Implicit Gemini caching didn't guarantee cache hits, wasting tokens on the 90K compass document
Explicit Gemini cache API: uploads compass + persona + tools once, references by name on subsequent requests.
Re-analyzing the same audio file burned 50–80K tokens every time
document_analyses table tracks completed analyses. analyze_audio checks cache before spending tokens. First analysis: 30–60s. Subsequent: 100ms.
Custom message converter stripped tool invocations from history, causing models to 'forget' their tools
Use AI SDK's convertToModelMessages which preserves all parts: tool-call, tool-result, reasoning, file parts.

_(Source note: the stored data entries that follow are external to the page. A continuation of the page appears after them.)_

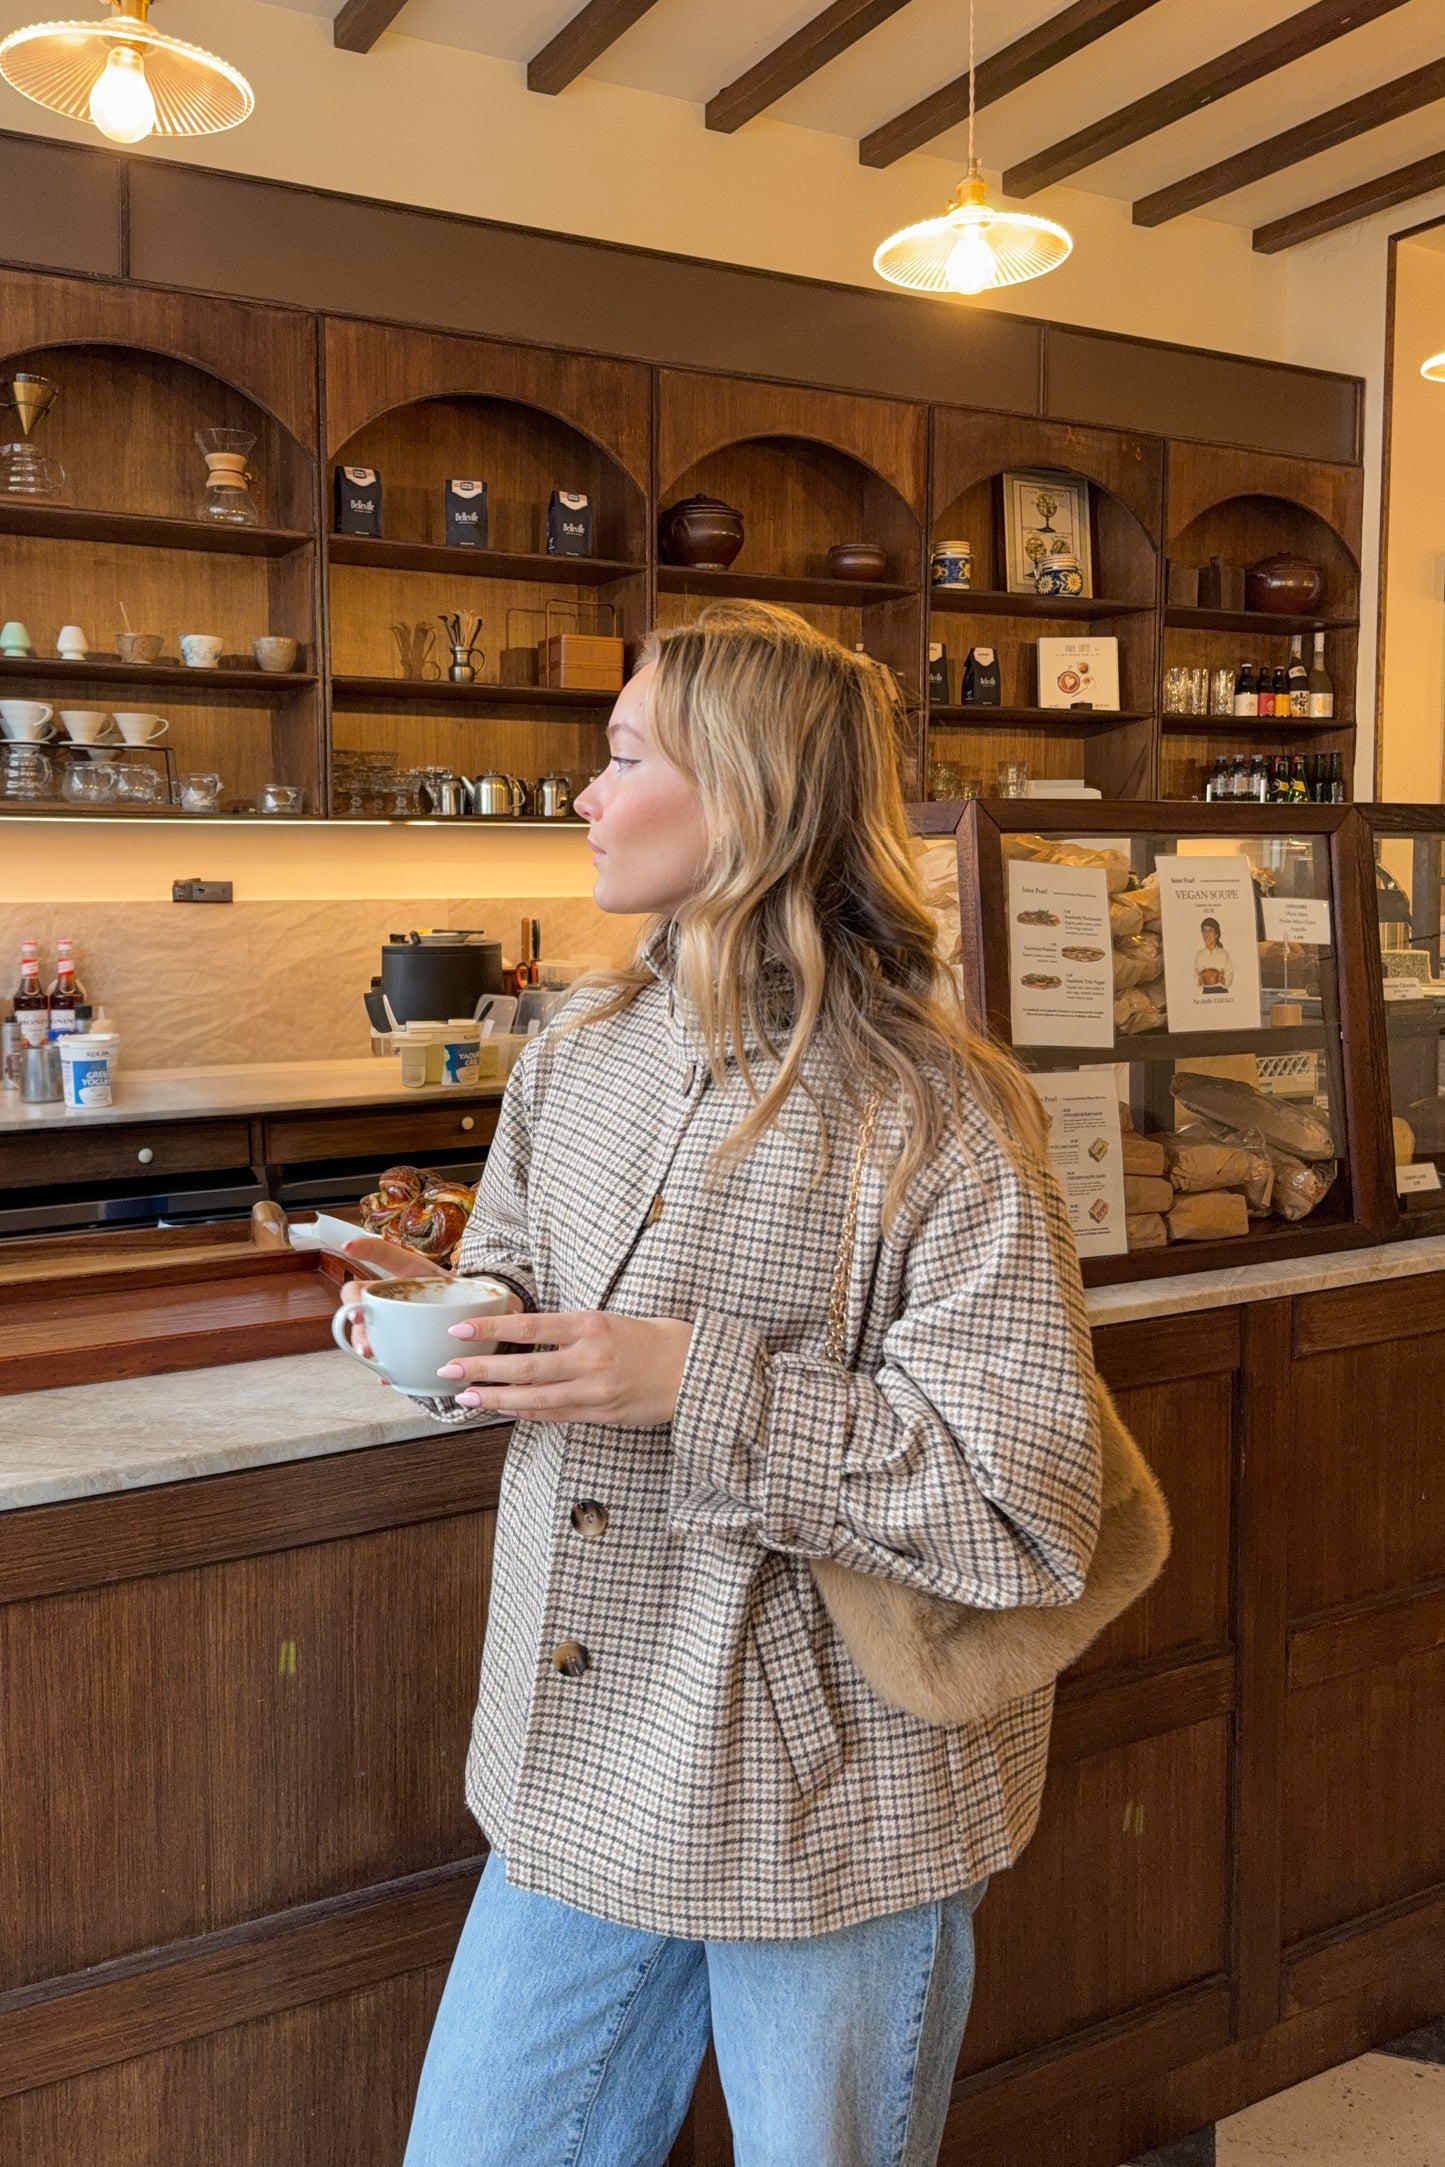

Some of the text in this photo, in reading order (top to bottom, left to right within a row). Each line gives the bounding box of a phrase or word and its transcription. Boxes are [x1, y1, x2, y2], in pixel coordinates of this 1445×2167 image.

[351, 499, 375, 511] Belleville
[455, 511, 479, 522] Belleville
[563, 522, 585, 534] Belleville
[1175, 889, 1239, 900] VEGAN SOUPE
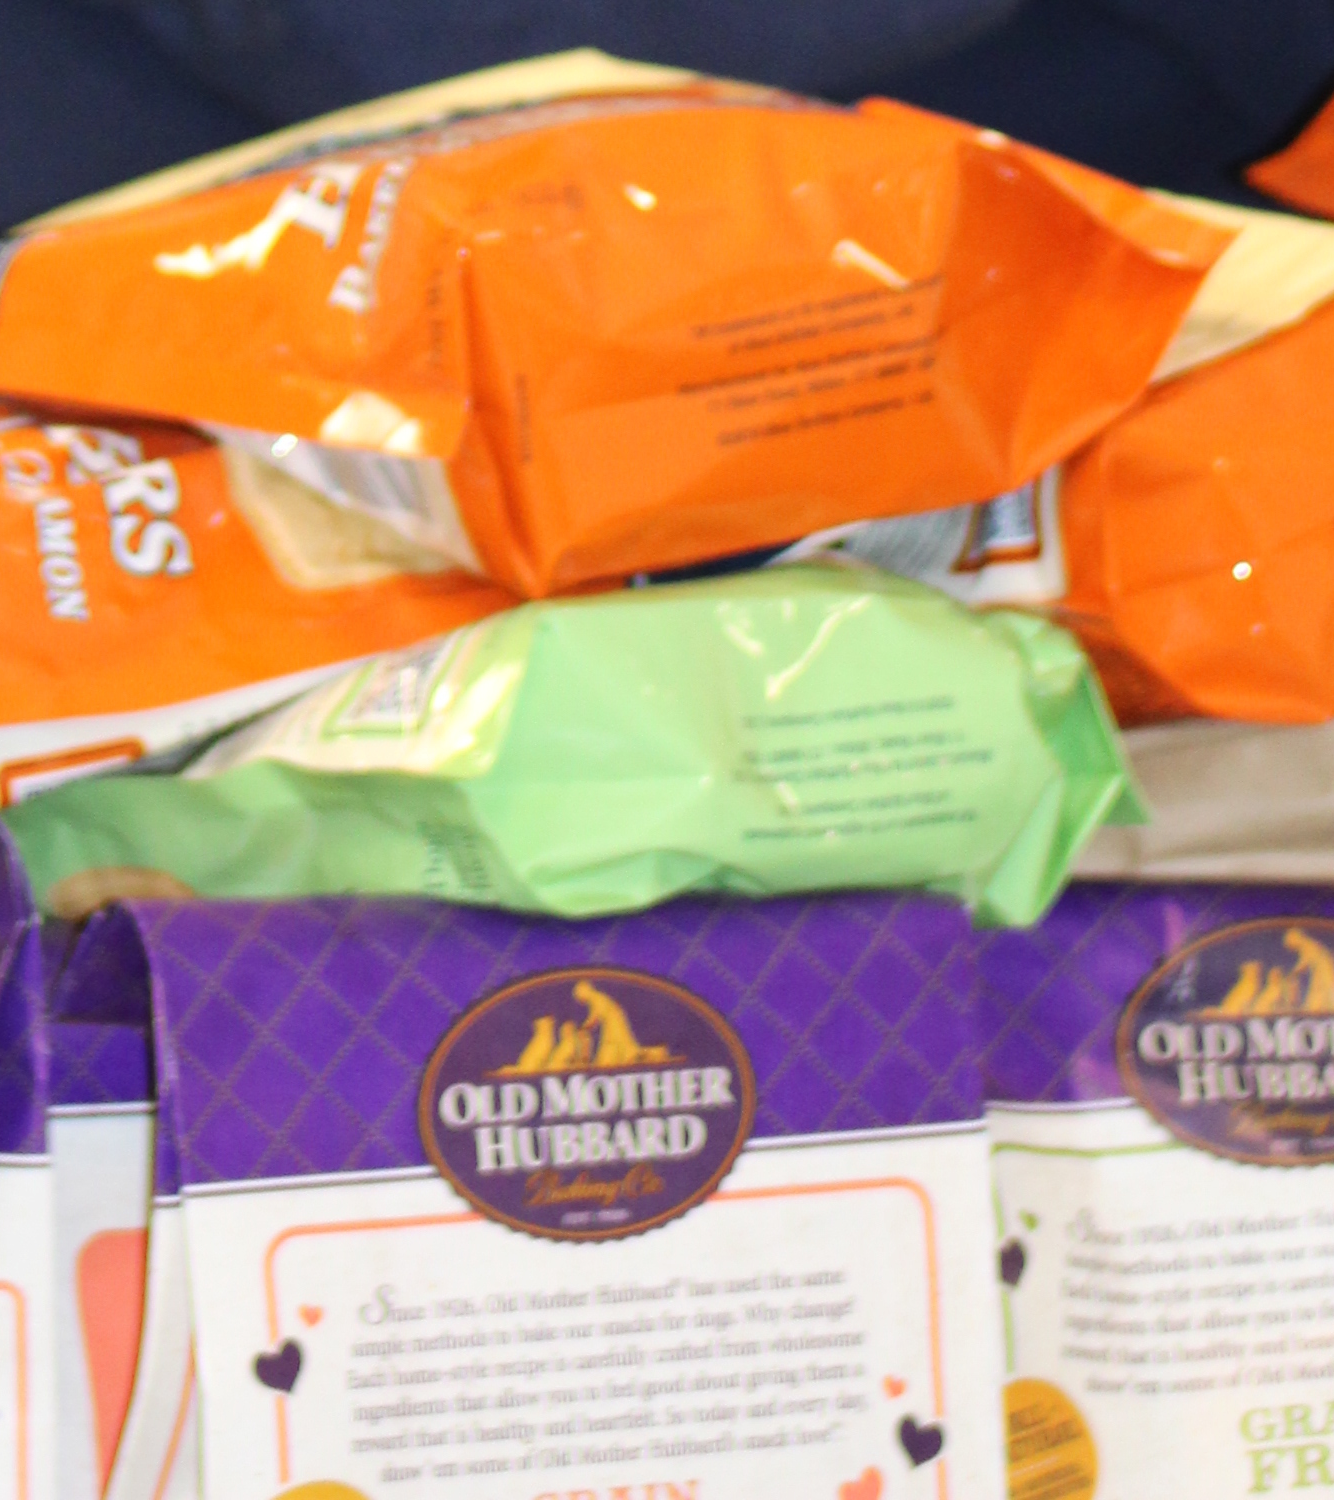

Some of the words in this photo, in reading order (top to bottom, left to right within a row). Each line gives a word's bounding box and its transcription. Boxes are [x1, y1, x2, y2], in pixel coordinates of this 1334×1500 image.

[1137, 1020, 1245, 1064] OLD
[438, 1081, 539, 1130] OLD
[541, 1065, 736, 1121] MOTHER
[474, 1113, 708, 1176] HUBBARD

Performance Characteristics
Why Build This?
Real Stakes, Real Data
This wasn't built to impress anyone. It was built because I needed it. The evidence was real, the legal case was real, and the existing tools weren't good enough. Building under real constraints produces better engineering than building for demos.
Proof of Depth
When I say I build production AI systems, this is what I mean. Not a chatbot wrapper. A full-stack AI platform with a custom context manager, vector memory, audio intelligence, deep research orchestrator, and 28 agent tools — all wired together and actually used.
The Hardest AI Problems Are Personal
Reasoning across 100K+ documents, detecting tampered audio, mapping entity relationships across years of evidence — these are the same problems enterprises pay millions to solve. I built the solution for myself first.